ABOUT THIS EXERCISE. Once the images are set aside, print the remaining lines below exactly.

(Items from a dataset)

★ ★ ★

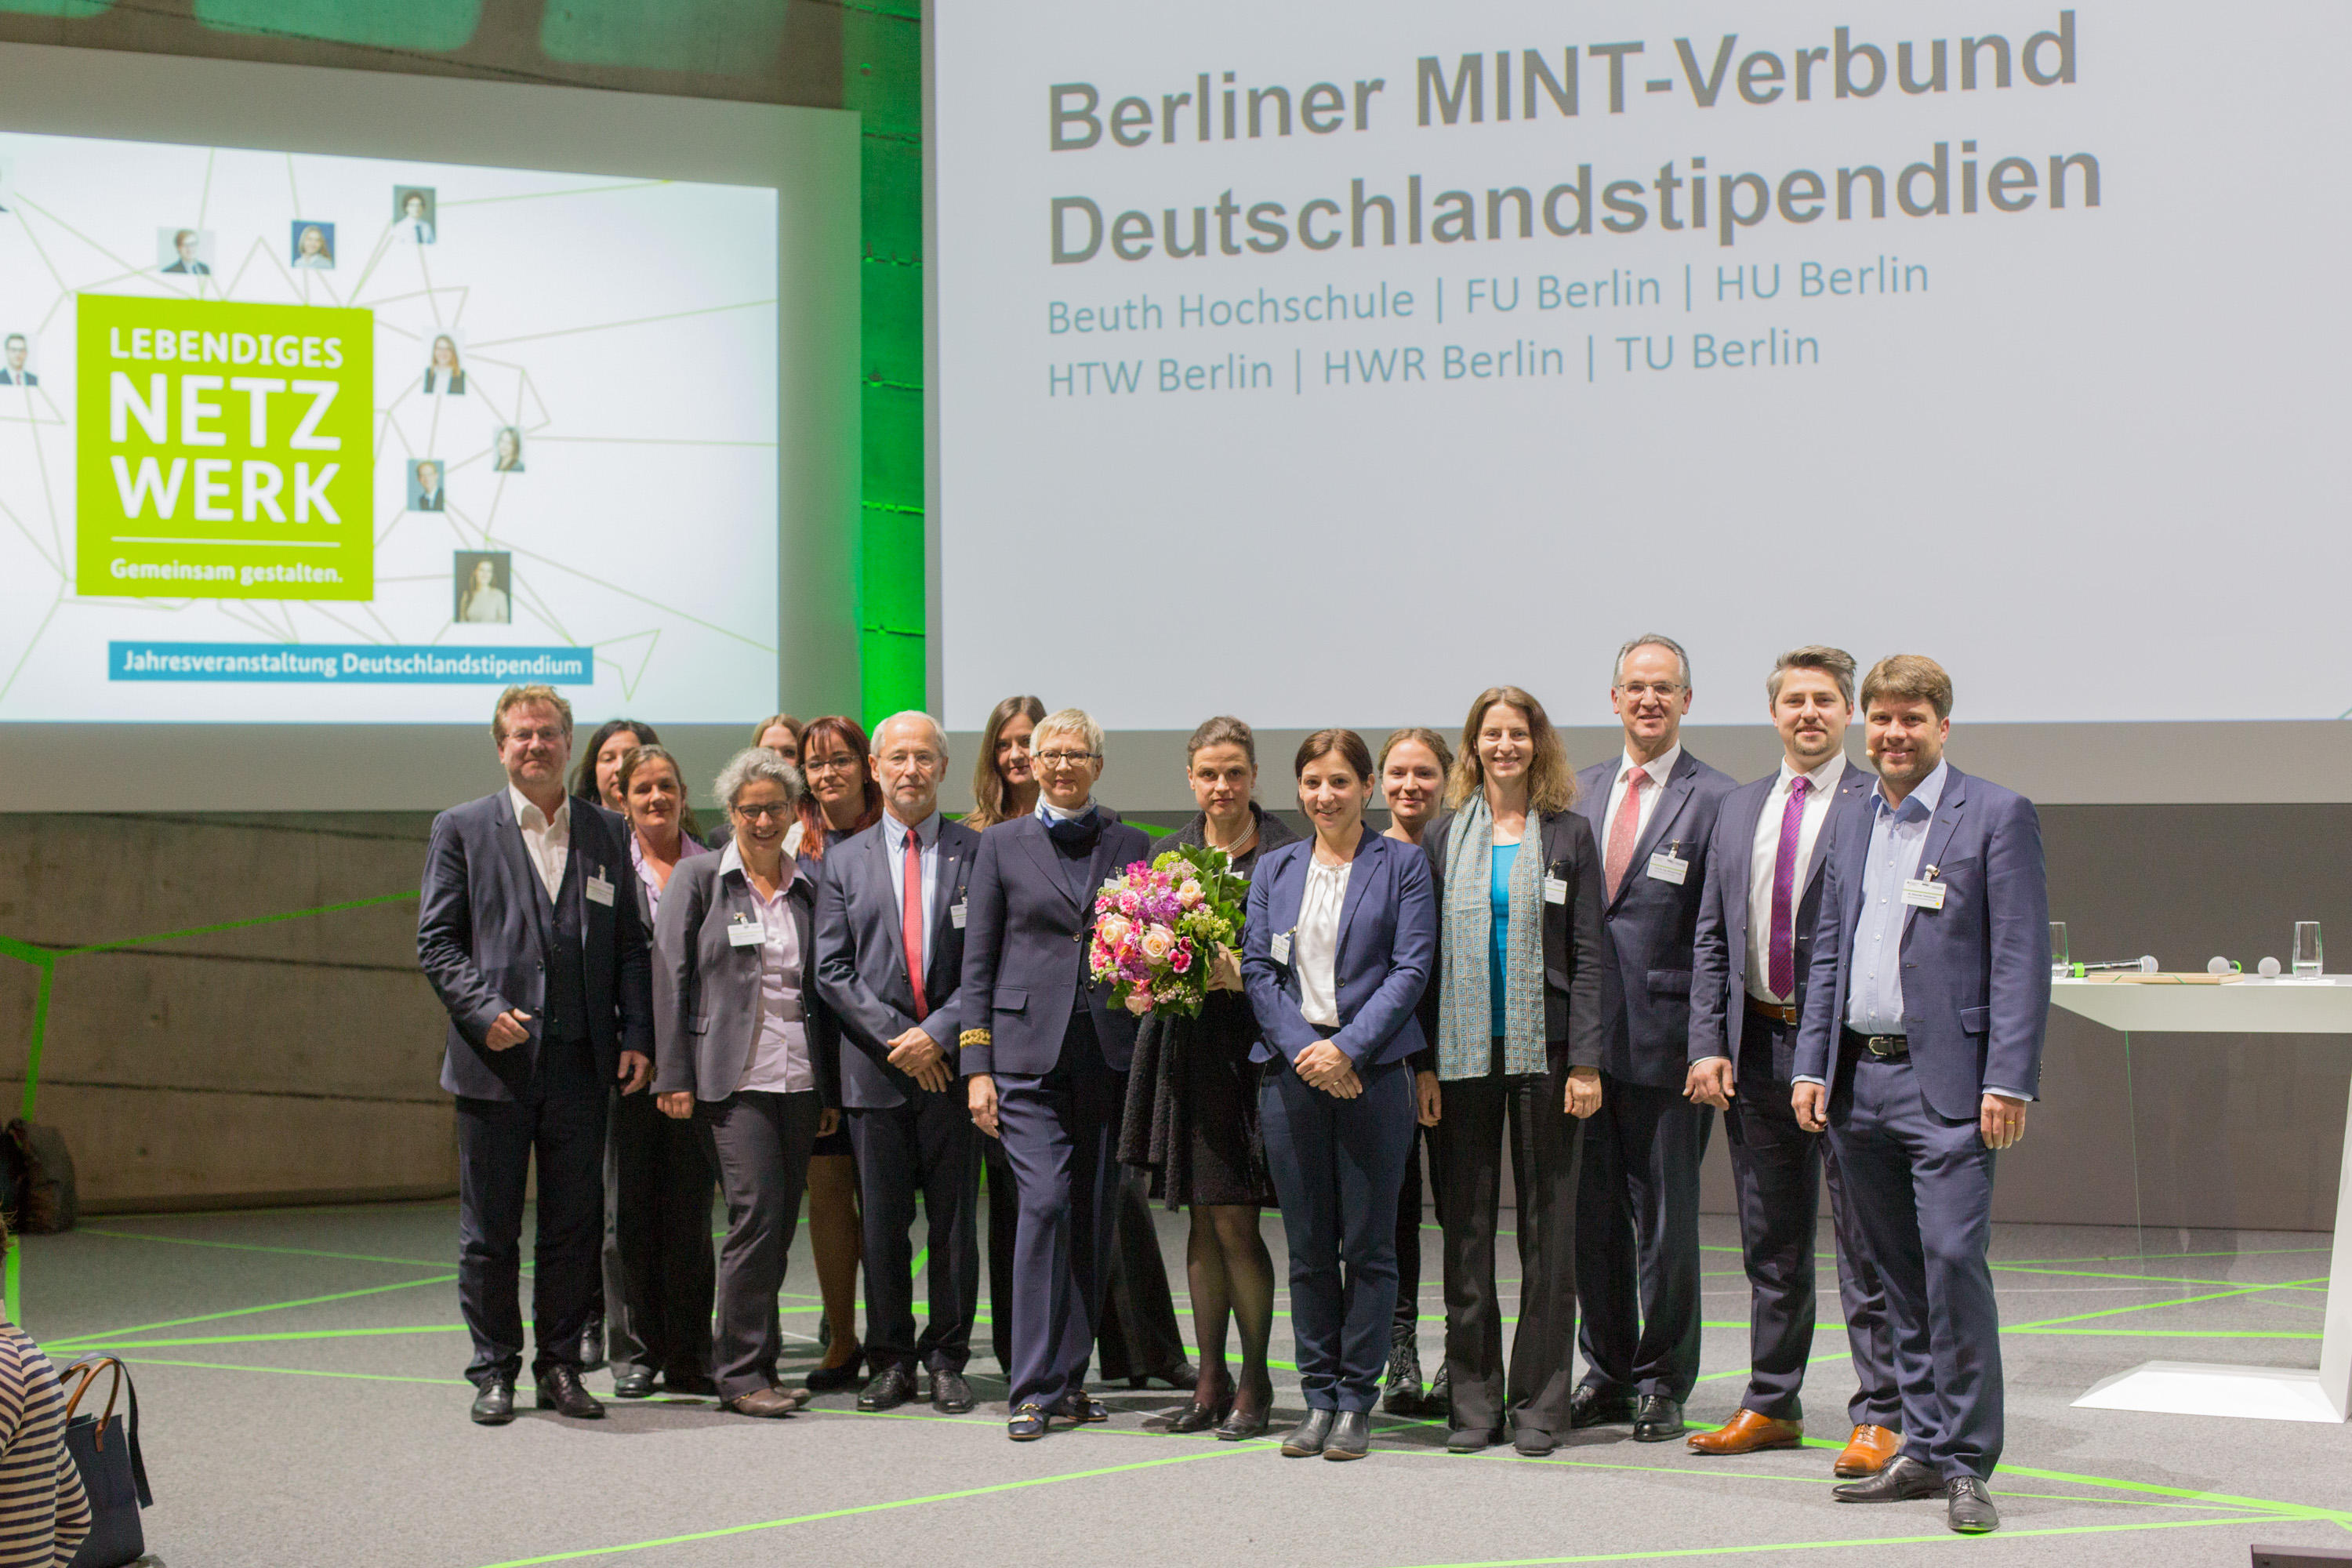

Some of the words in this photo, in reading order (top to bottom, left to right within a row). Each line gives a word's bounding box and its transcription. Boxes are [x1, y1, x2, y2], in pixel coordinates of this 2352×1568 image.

[1050, 70, 1386, 151] Berliner
[1417, 9, 2077, 126] MINT-Verbund
[1051, 139, 2100, 264] Deutschlandstipendien
[1049, 294, 1163, 335] Beuth
[1180, 281, 1414, 328] Hochschule
[1468, 274, 1519, 314] FU
[1538, 268, 1660, 310] Berlin
[1718, 261, 1780, 301] HU
[1801, 255, 1928, 296] Berlin
[110, 326, 343, 369] LEBENDIGES
[1050, 358, 1143, 396] HTW
[1159, 351, 1272, 392] Berlin
[1325, 344, 1426, 384] HWR
[1443, 339, 1563, 379] Berlin
[1616, 335, 1673, 372] TU
[1693, 327, 1818, 368] Berlin
[110, 372, 342, 451] NETZ
[110, 455, 342, 524] WERK
[110, 557, 236, 582] Gemeinsam
[240, 560, 343, 587] gestalten.
[123, 649, 338, 678] Jahresveranstaltung
[342, 652, 583, 679] Deutschlandstipendium
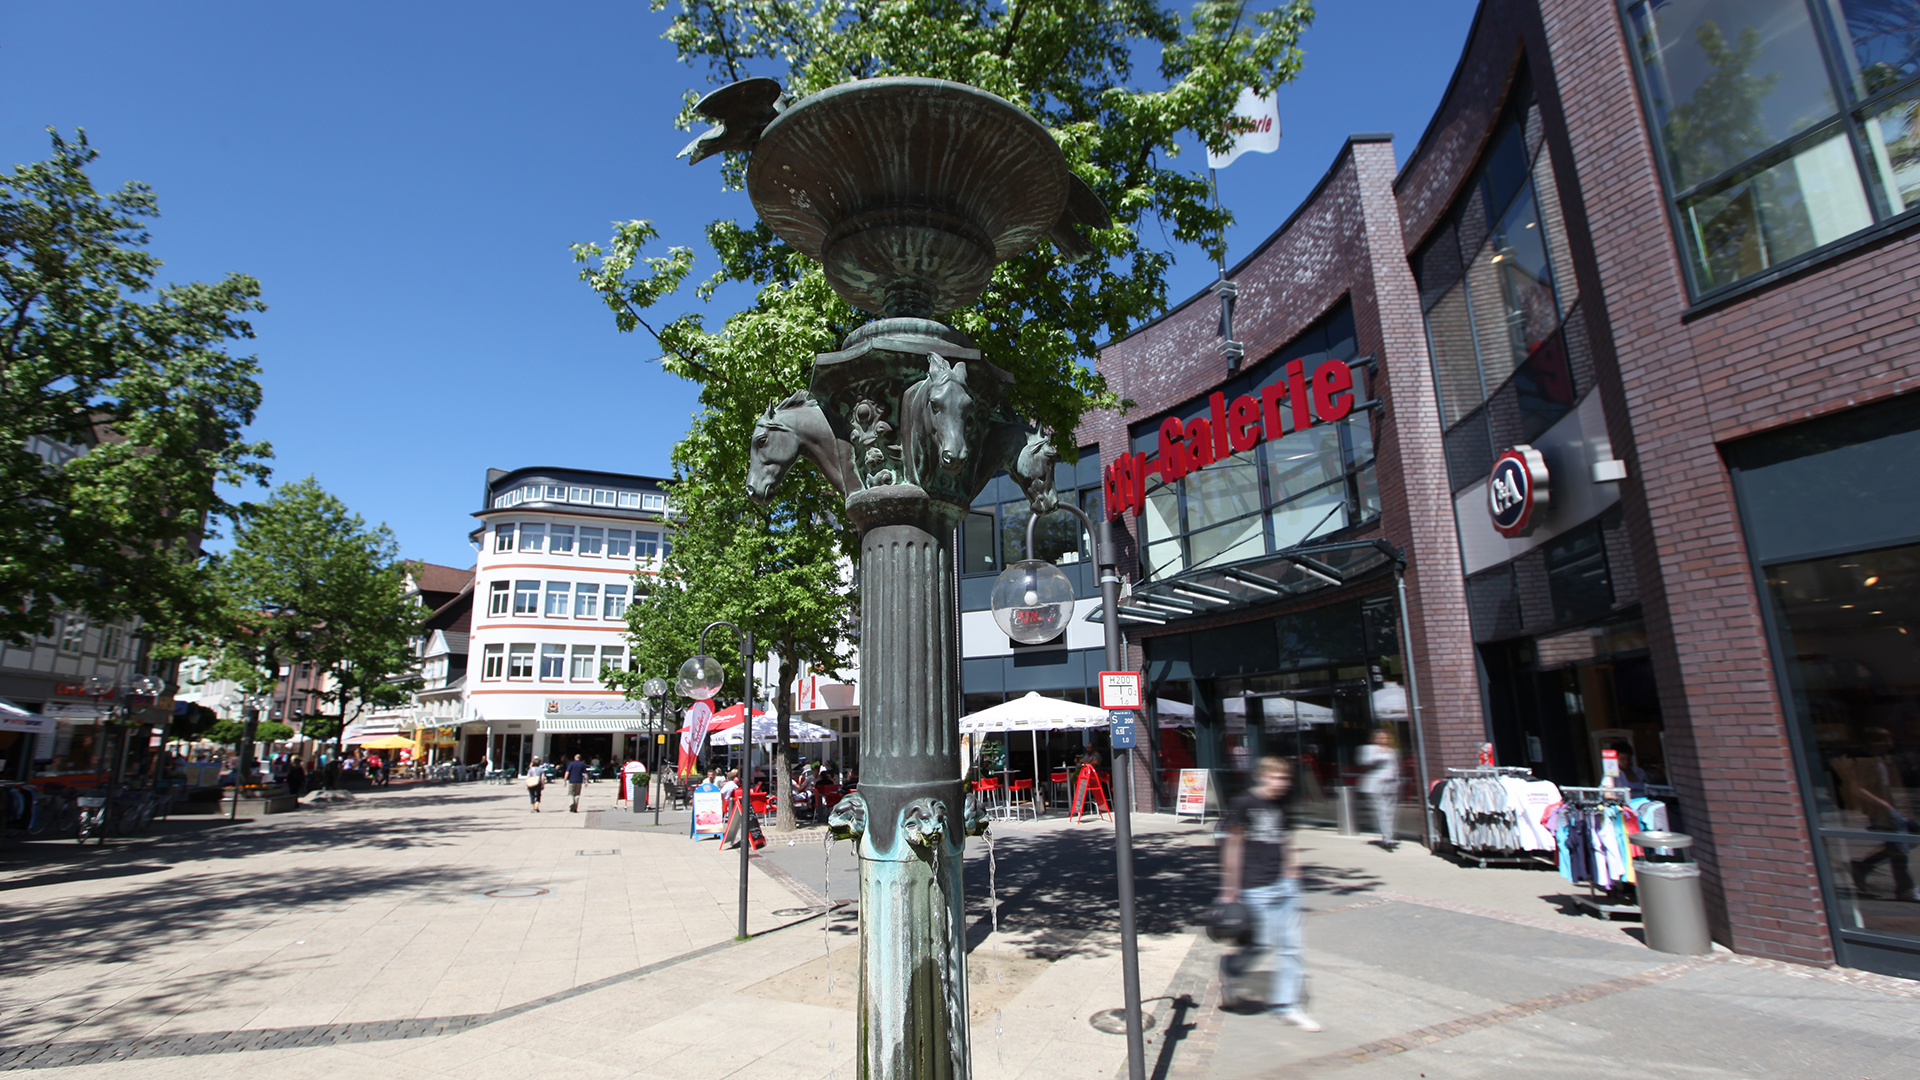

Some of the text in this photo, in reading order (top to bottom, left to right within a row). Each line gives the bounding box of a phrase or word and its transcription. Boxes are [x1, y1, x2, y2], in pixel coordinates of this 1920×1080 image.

[1103, 357, 1355, 522] City-Galerie
[1490, 468, 1524, 516] C&A
[1111, 715, 1118, 724] S
[1124, 717, 1134, 725] 200
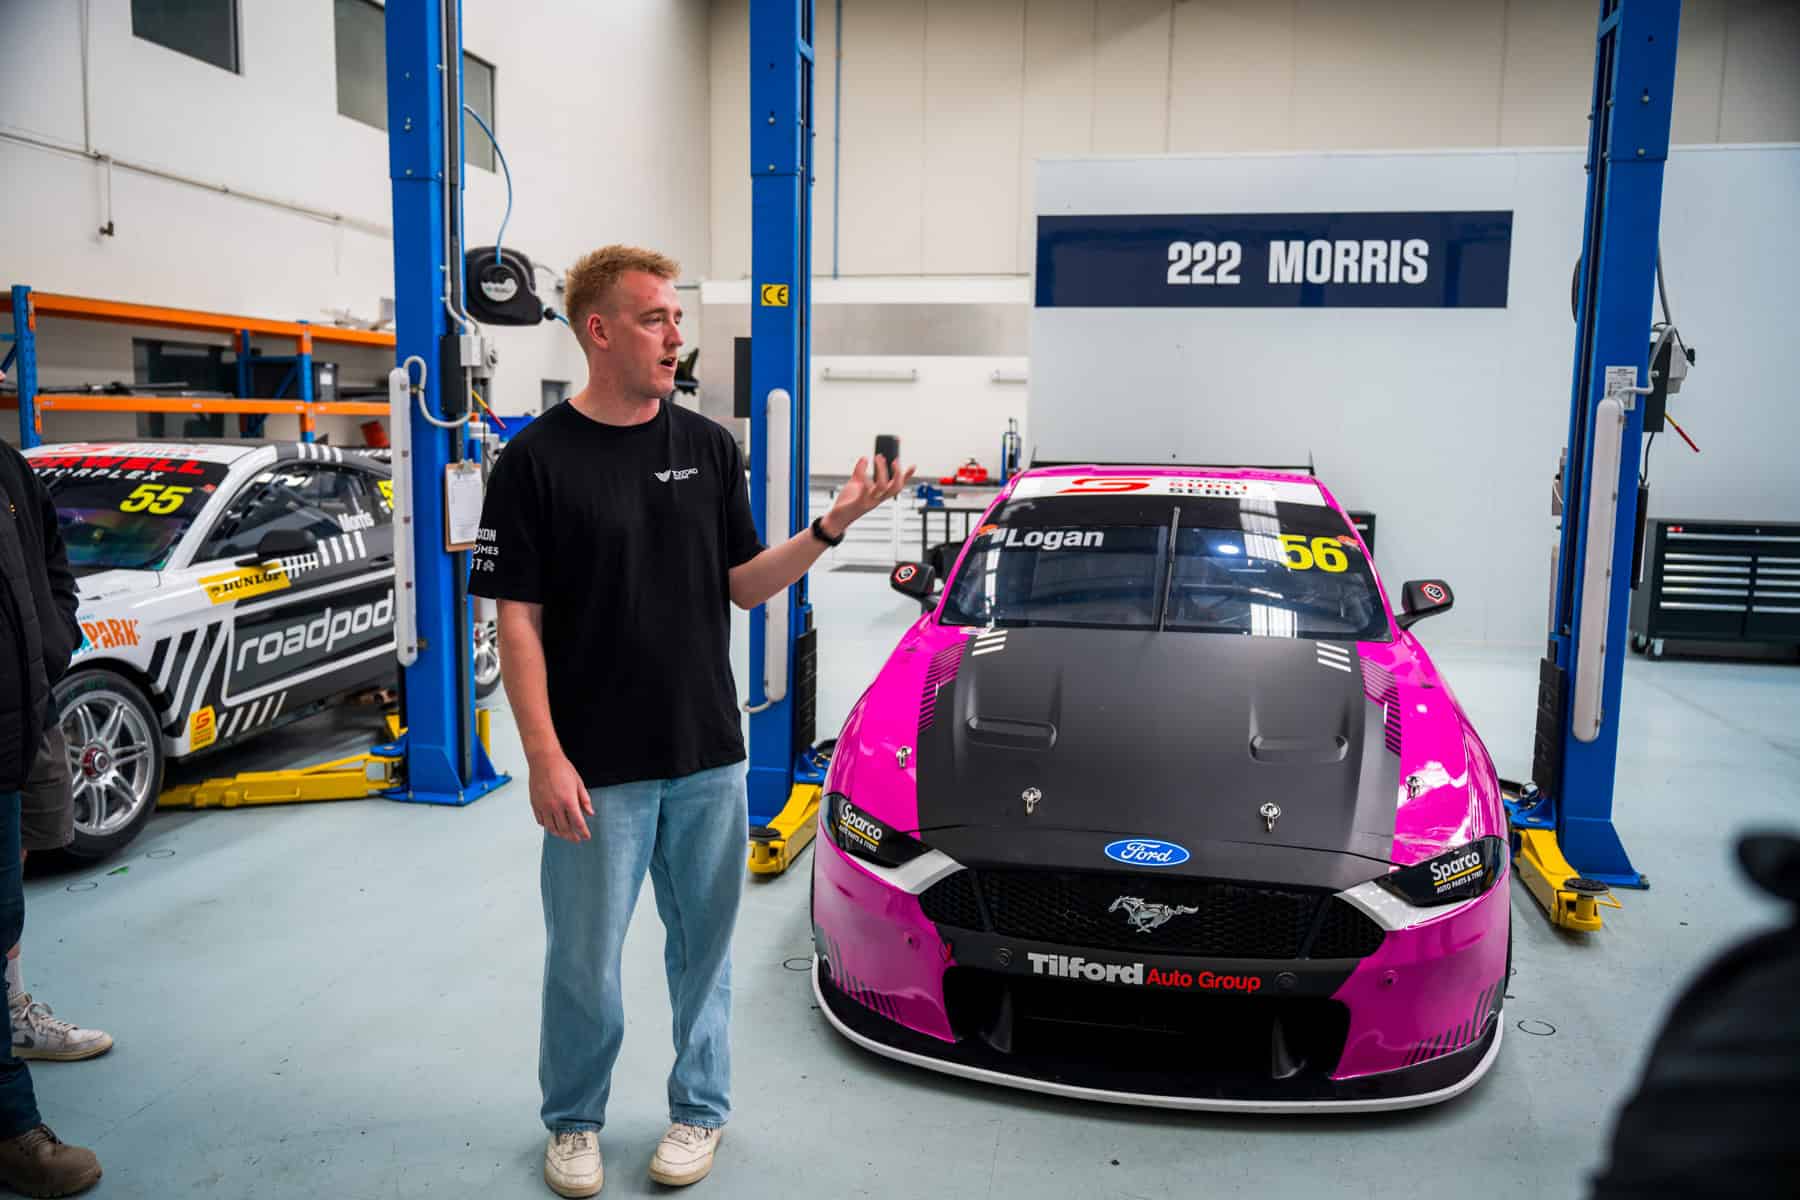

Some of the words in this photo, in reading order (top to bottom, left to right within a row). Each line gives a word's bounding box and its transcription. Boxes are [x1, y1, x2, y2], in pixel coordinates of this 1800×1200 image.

★ ★ ★

EXERCISE RESPONSE.
Some of the words in this photo, in reading order (top to bottom, left to right within a row). Each line gives a word's bounding box and its transcription. Boxes are [x1, y1, x2, y2], in pixel coordinates of this 2352×1568 image.

[1050, 70, 1386, 151] Berliner
[1417, 9, 2077, 126] MINT-Verbund
[1051, 139, 2100, 264] Deutschlandstipendien
[1049, 294, 1163, 335] Beuth
[1180, 281, 1414, 328] Hochschule
[1468, 274, 1519, 314] FU
[1538, 268, 1660, 310] Berlin
[1718, 261, 1780, 301] HU
[1801, 255, 1928, 296] Berlin
[110, 326, 343, 369] LEBENDIGES
[1050, 358, 1143, 396] HTW
[1159, 351, 1272, 392] Berlin
[1325, 344, 1426, 384] HWR
[1443, 339, 1563, 379] Berlin
[1616, 335, 1673, 372] TU
[1693, 327, 1818, 368] Berlin
[110, 372, 342, 451] NETZ
[110, 455, 342, 524] WERK
[110, 557, 236, 582] Gemeinsam
[240, 560, 343, 587] gestalten.
[123, 649, 338, 678] Jahresveranstaltung
[342, 652, 583, 679] Deutschlandstipendium

Some of the text in this photo, in reading order (top to bottom, left to right within a row). Each line gives the bounding box of a phrase or word and its transcription. Boxes are [x1, y1, x2, y2], in pixel coordinates of this 1920×1080 image.

[1103, 357, 1355, 522] City-Galerie
[1490, 468, 1524, 516] C&A
[1111, 715, 1118, 724] S
[1124, 717, 1134, 725] 200

Some of the words in this photo, in reading order (top to bottom, left to right within a row). Each line gives a word's bounding box and its transcription. Boxes are [x1, y1, x2, y2], in pixel coordinates of this 1800×1200 image.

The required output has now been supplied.